A leading Arab political figure in Baghdad cautioned her along different lines. Speaking to her on 12 June 1920, he reproached her with the fact that, more than three years after occupying Baghdad in the war, Britain continued to talk about establishing an independant government but still did nothing about it. He contrasted this with the situation in Damascus, where the British had set up Feisal’s administration as soon as they had arrived…

…Gertrude Bell discounted the danger of a native uprising. Her chief, Arnold Wilson did not. He warned London that demobilization had left his armed forces dangerously undermanned. The military deployed only a tiny force of mobile troops to patrol 170,000 sq. miles…

…In June the tribes suddenly rose in full revolt - a revolt that seems to have been triggered by the government’s efforts to levy taxes.
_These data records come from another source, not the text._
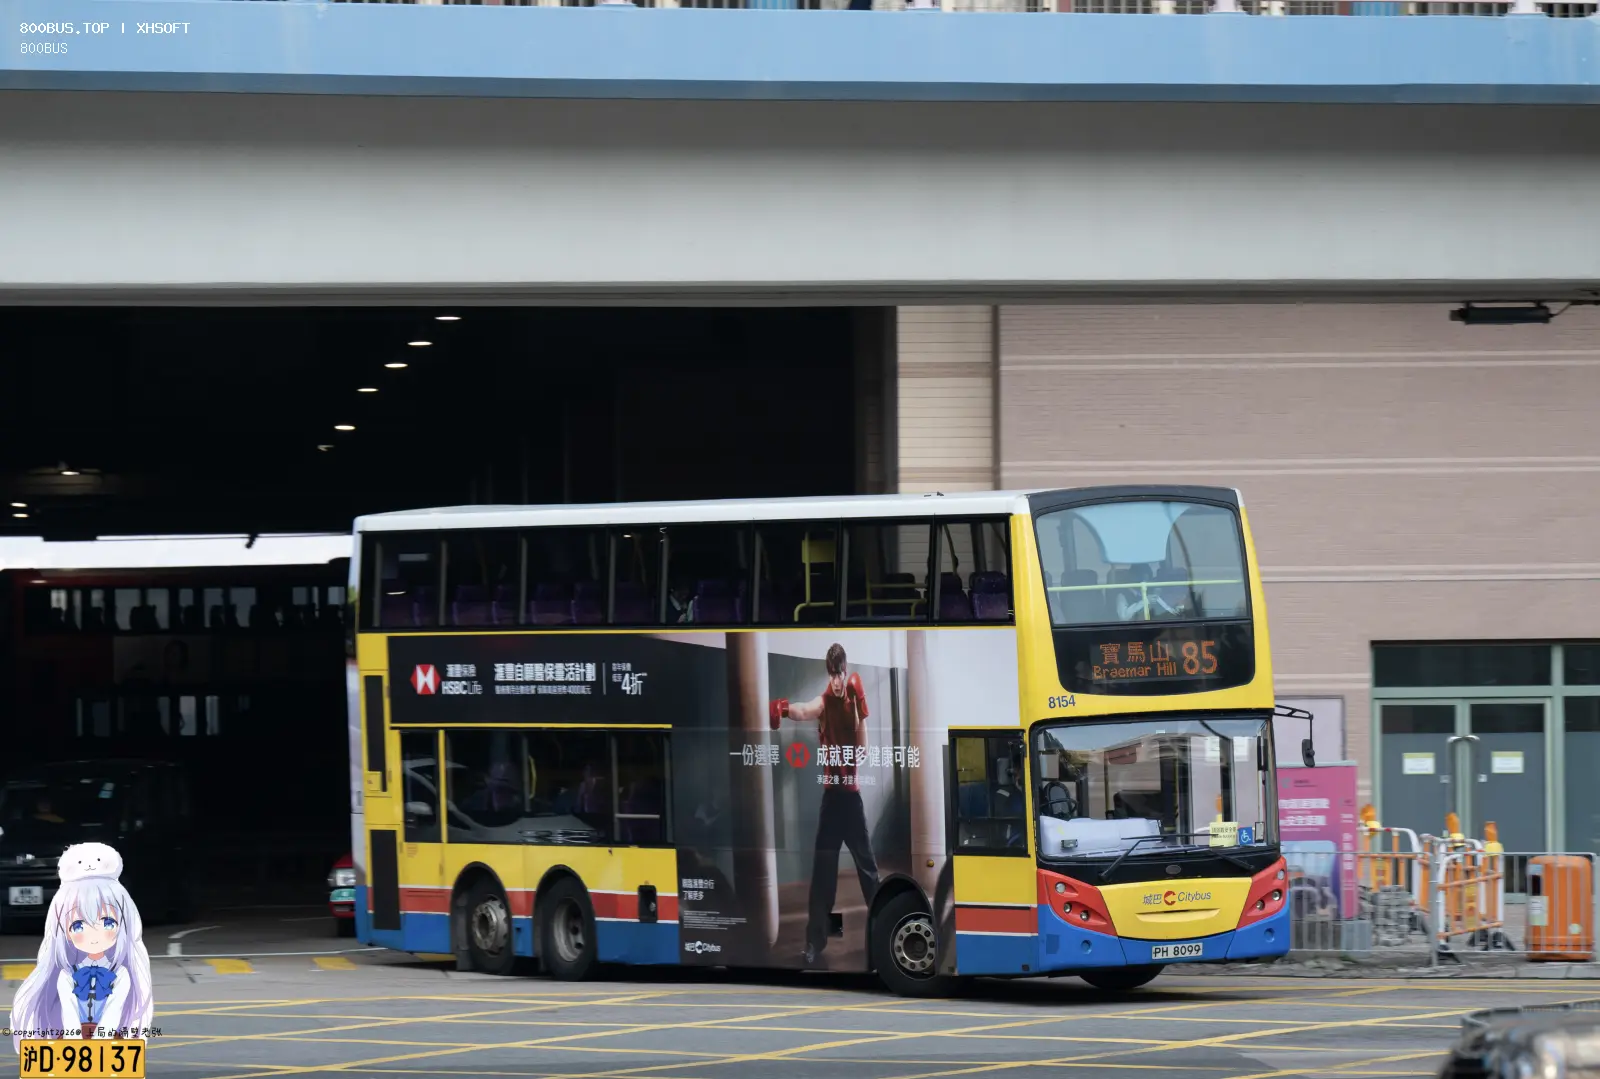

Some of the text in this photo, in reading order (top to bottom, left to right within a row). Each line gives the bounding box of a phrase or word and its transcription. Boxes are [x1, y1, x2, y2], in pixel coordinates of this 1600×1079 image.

[1100, 641, 1170, 665] 寶馬山
[1182, 640, 1218, 675] 85
[1093, 662, 1177, 680] Braemar Hill
[441, 680, 468, 695] HSBC
[1048, 695, 1076, 709] 8154
[729, 743, 921, 768] 一份選擇 成就更多健康可能
[1143, 891, 1212, 905] 城巴 Citybus
[1153, 944, 1202, 958] PH 8099
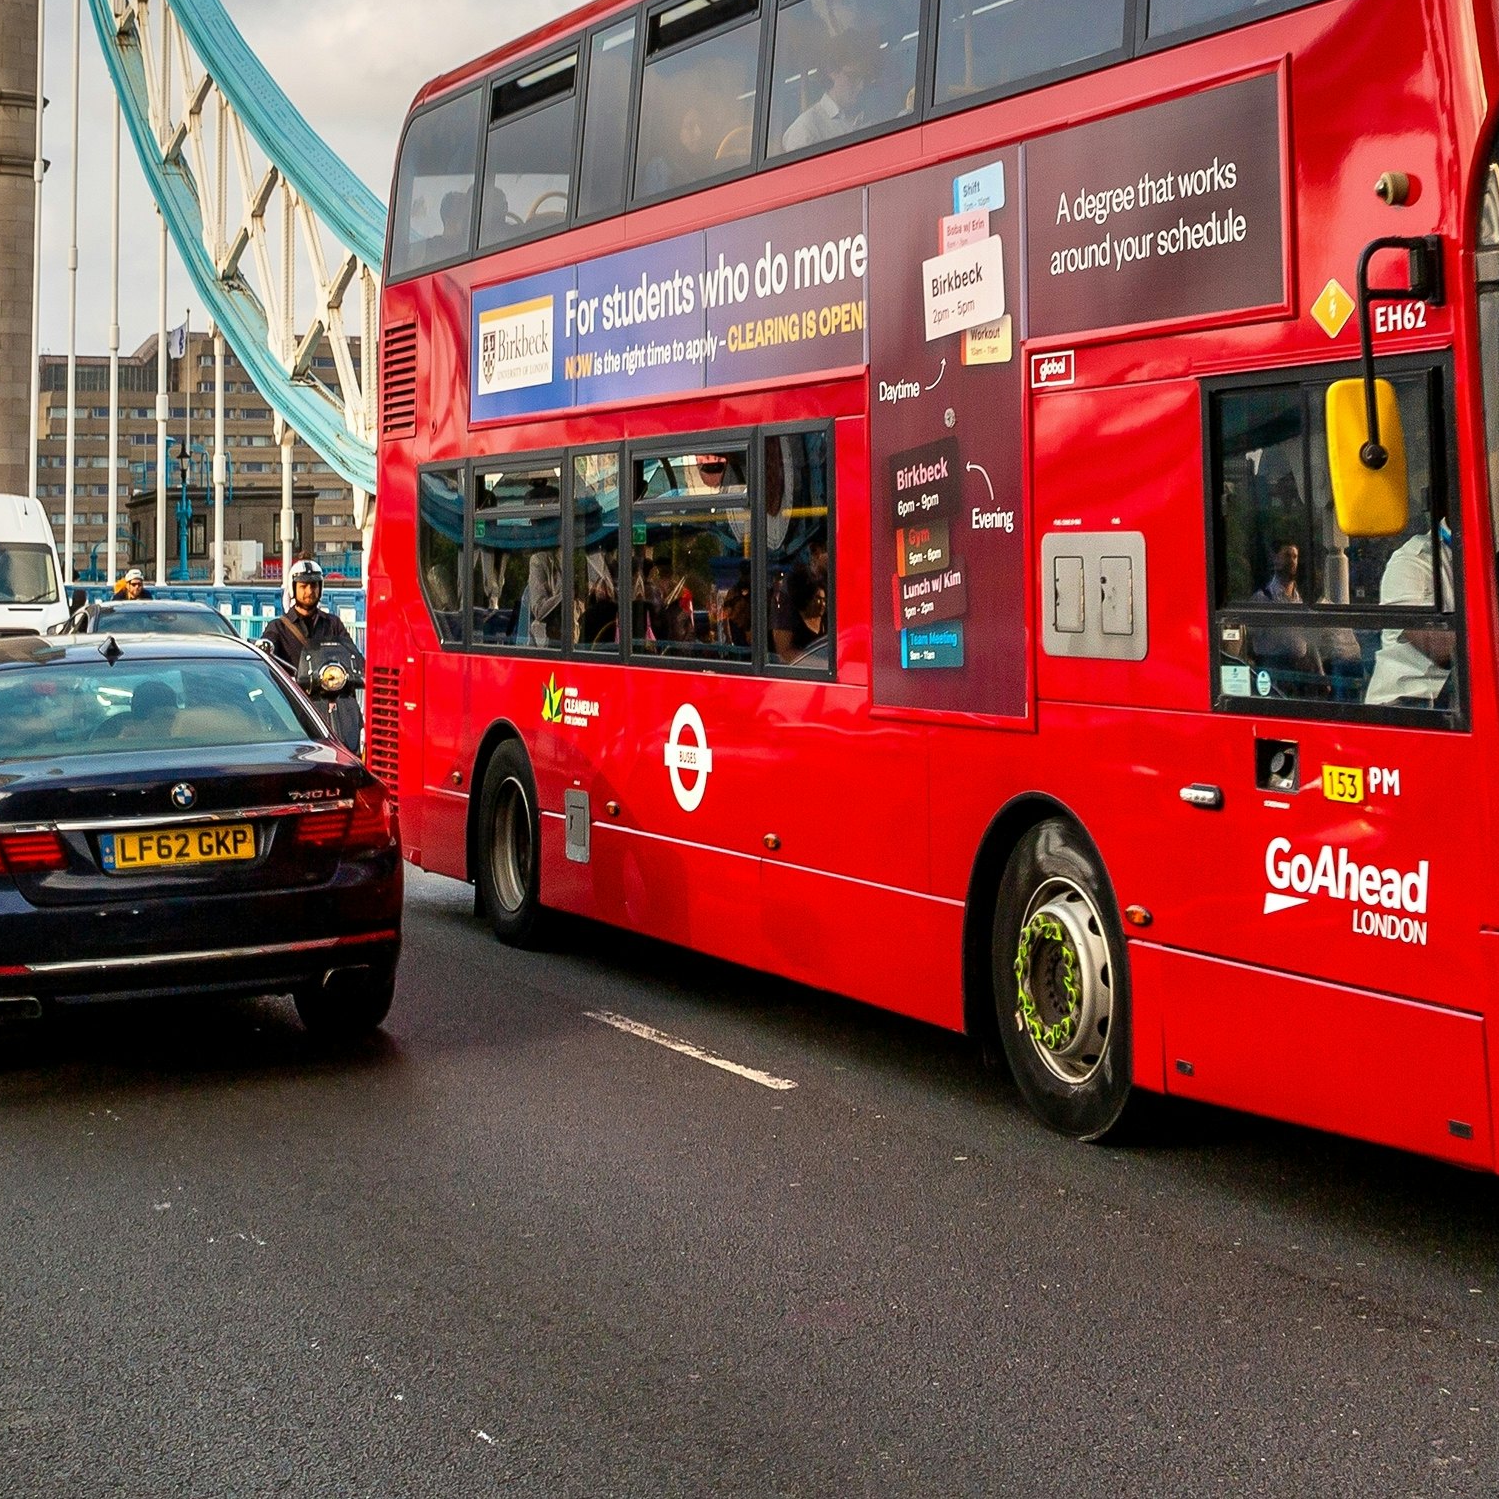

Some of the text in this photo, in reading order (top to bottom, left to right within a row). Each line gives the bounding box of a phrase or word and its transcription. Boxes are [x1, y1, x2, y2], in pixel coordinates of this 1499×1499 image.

[963, 180, 980, 198] Shift
[1056, 156, 1237, 225] A degree that works
[972, 219, 985, 231] Erin
[1050, 208, 1247, 276] around your schedule
[565, 233, 868, 337] For students who do more
[932, 262, 983, 298] Birkbeck
[932, 308, 950, 325] 2pm
[957, 300, 975, 316] 5pm
[1375, 301, 1426, 333] EH62
[498, 320, 548, 362] Birkbeck
[565, 352, 593, 380] NOW
[594, 352, 602, 375] is
[604, 349, 620, 374] the
[622, 346, 645, 375] right
[647, 341, 670, 367] time
[672, 338, 683, 361] to
[686, 330, 718, 364] apply
[727, 313, 799, 352] CLEARING
[802, 309, 816, 340] IS
[970, 327, 1000, 341] Workout
[1039, 357, 1065, 381] global
[879, 379, 920, 404] Daytime
[897, 457, 949, 491] Birkbeck
[897, 498, 915, 517] 6pm
[921, 492, 939, 512] 9pm
[972, 506, 1014, 533] Evening
[909, 528, 930, 548] Gym
[909, 552, 922, 566] 5pm
[927, 548, 941, 562] 6pm
[903, 570, 961, 599] Lunch w/ Kim
[904, 606, 916, 619] 1pm
[920, 601, 934, 615] 2pm
[910, 631, 958, 647] Team Meeting
[679, 751, 696, 764] BUSES
[1329, 771, 1357, 799] 153
[1368, 766, 1400, 796] PM
[120, 829, 248, 863] LF62 GKP
[1265, 837, 1429, 913] GoAhead
[1352, 908, 1427, 946] LONDON
By 14 June the formerly complacent Gertrude Bell, going from one extreme to another, claimed to be living through a nationalist reign of terror. She exaggerated, but in the Middle Euphrates, posts were indeed overrun, British officers killed, and communications cut. For one reason or another - the revolts had a number of causes and the rebels pursued different goals - virtually the whle area rose against Britain, and revolt then spread to the Lower Euphrates as well. A Holy War was proclaimed against Britain in the Shi’ite Muslim holy city of Karbala. On the northwestern frontier, Arab calvary, initially led by one of Feisal’s ex-officers, swept down on British outposts and massacred their defenders…
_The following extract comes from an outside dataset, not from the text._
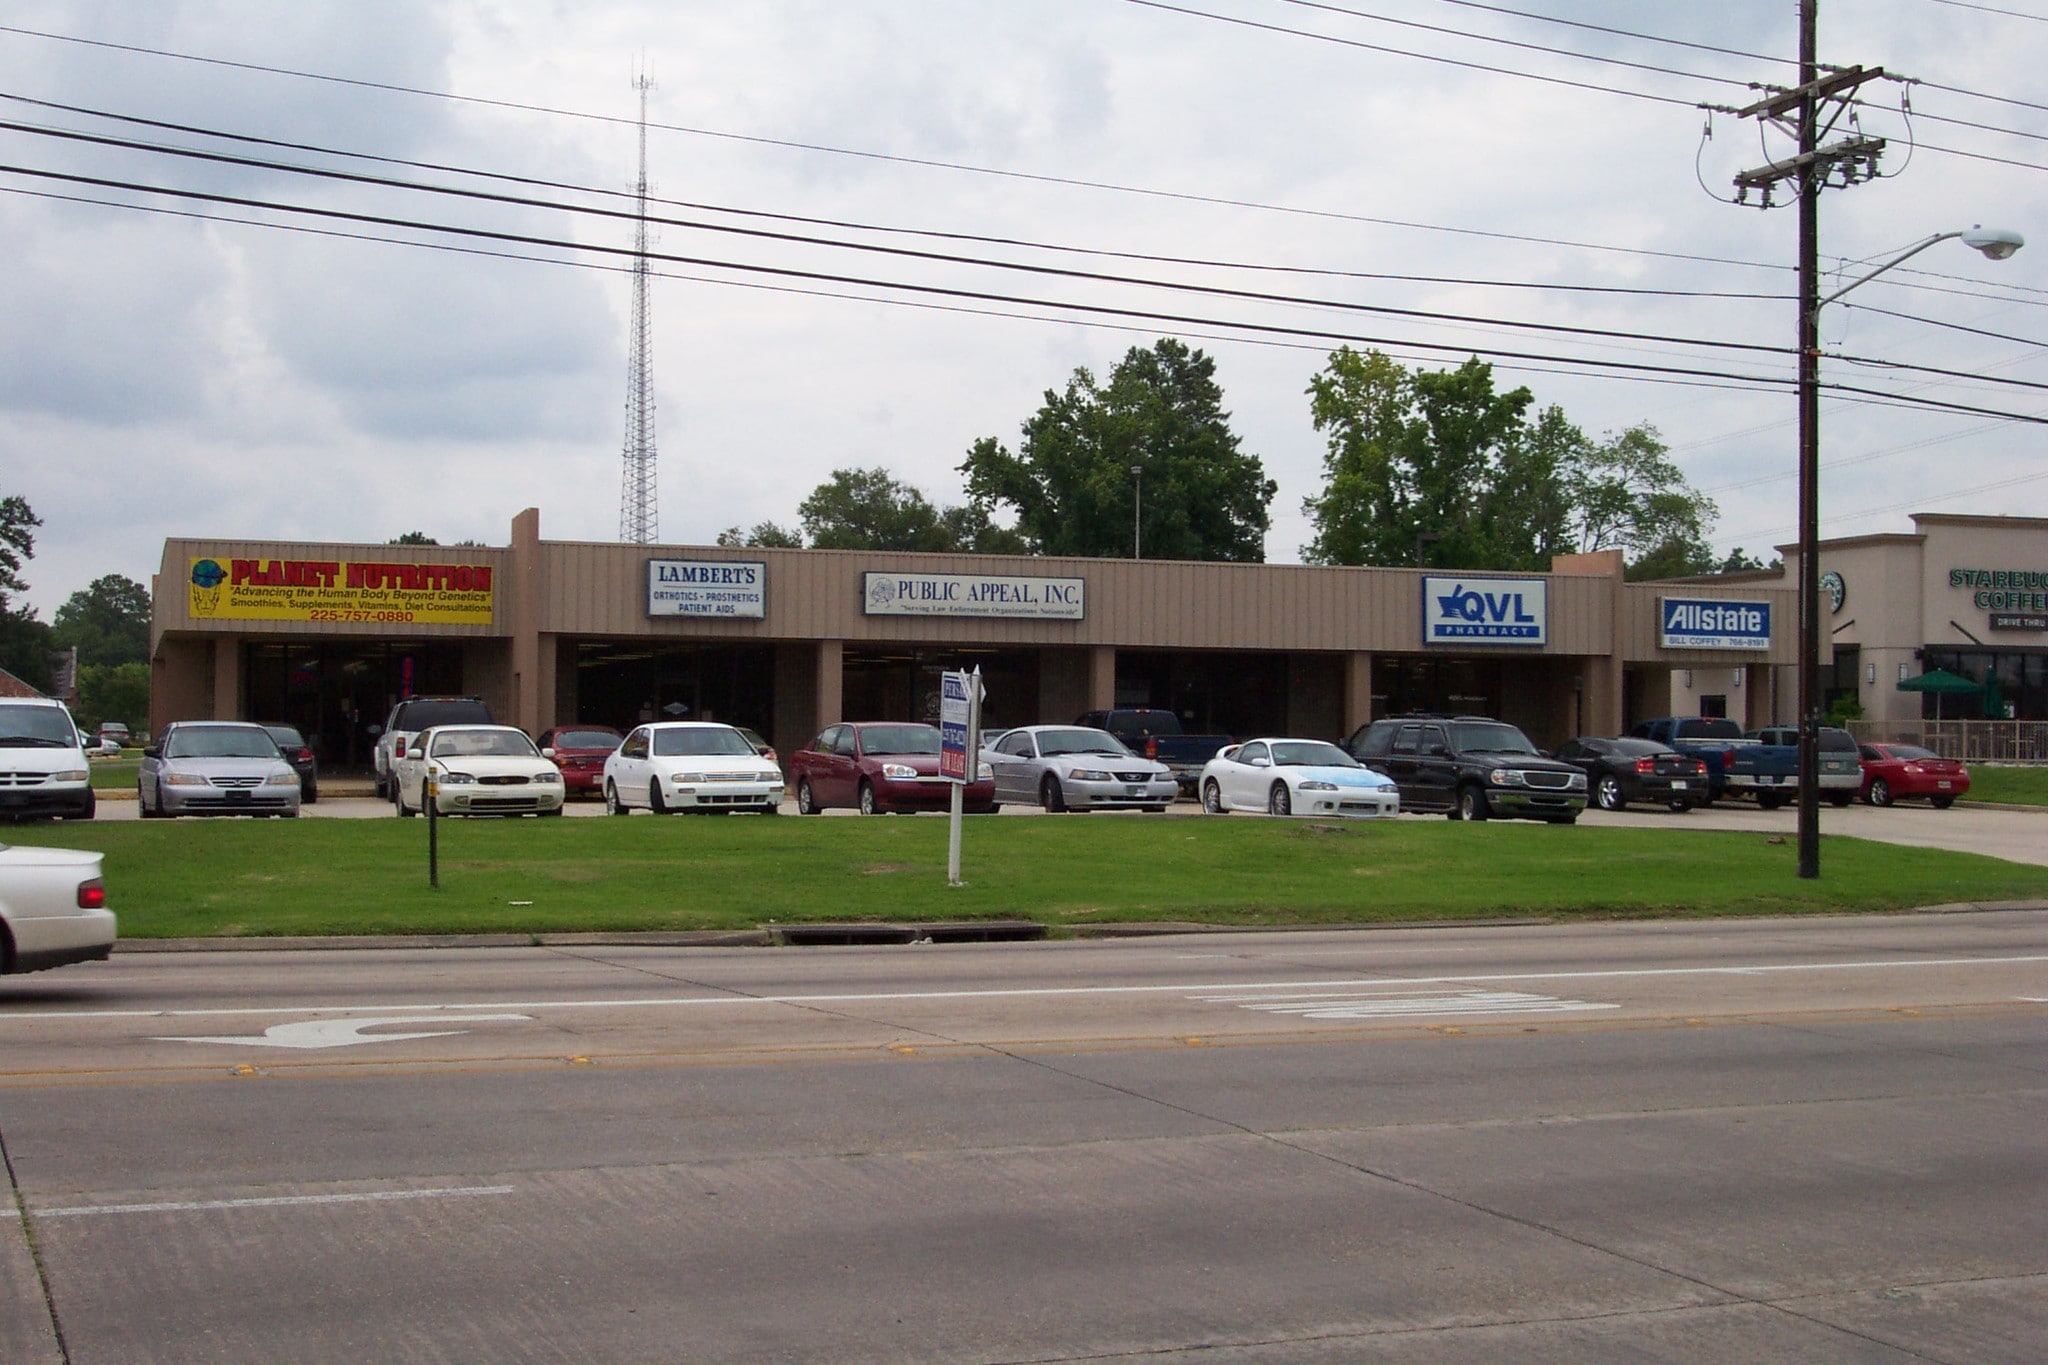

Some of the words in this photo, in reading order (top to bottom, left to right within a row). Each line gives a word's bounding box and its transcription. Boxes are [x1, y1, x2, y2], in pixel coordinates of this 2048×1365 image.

…The government of India poured in reinforcements of men and supplies to restore order. The main population centers were quickly secured, but regaining control of the countryside took some time. It was not until October that many of the cut-off Euphrates towns were relieved and not until February 1921 that order was restored more or less completely. Before putting down the revolt Britain suffered 2,000 casualties, including 450 dead.*

The above taken from pgs 307 and 450-453 of A Peace to End All Peace:* The Fall of the Ottoman Empire and the Creation of the Modern Middle East* by David Fromkin ( 1989, Avon Books ). A very highly recommended volume.

I left out a lot of relevant details, but I think you can get the gist. Some comments:

  1. That aforementioned Sykes proclamation was Iraq-specific. It was not the famous one. Maude was very unhappy with it.

  2. Maude died of cholera, he wasn’t assassinated. As you can see the revolt started three years after his death in 1917. As noted the grandiose, but never followed up on proclamation he issued started the unreast, but the culmination came later.

  3. The officer that was assassinated ( at a parlay ) was Colonel Gerard Leachman.

  • Tamerlane

Oh, the Maude assassination thing apparently comes from some contemporary ( to him ) speculation that he was poisoned. But subsequent follow-up seems to have disproved that hypothesis. Apparently what most likely happened was that he was infected by contaminated milk while campaiging in what was to become northern Iraq.

  • Tamerlane

Thanks, Tamerlane. And I screwed up when I asked: I made Leachman and Maude a single person in my head when I was writing that question. I’ll definitely have to get and read that book. Looks like it could be very relevant.

--------- milroyjSure Tom, call ad hominem if you’d like, just because some of the expert’s posts aren’t true, and I pointed it out.

I take it that milroyj takes issue with the prediction that Saddam will, “…go down fighting to the last.” At any rate, I haven’t seen any further substantiation of his other (ahem) claims.

Prediction is always difficult, and Collouns displays a certain panache when playing this game.

If Saddam shows up in Syria, as other experts have speculated, Collounsbury will have been proven wrong on this single prediction. If, OTOH, Saddam died during the bombing, it can be said that the dictator indeed did go down fighting to the last - to the end of his life.

At the same time, Collounsbury’s larger point - that Saddam is (was) a bastard but not a coward per se - remains unaddressed, IMHO. (I wouldn’t call a fleeing Saddam brave, but I wouldn’t necessarily call him a coward either. You know, he who lives and runs away, lives to terrorize with his billions another day.)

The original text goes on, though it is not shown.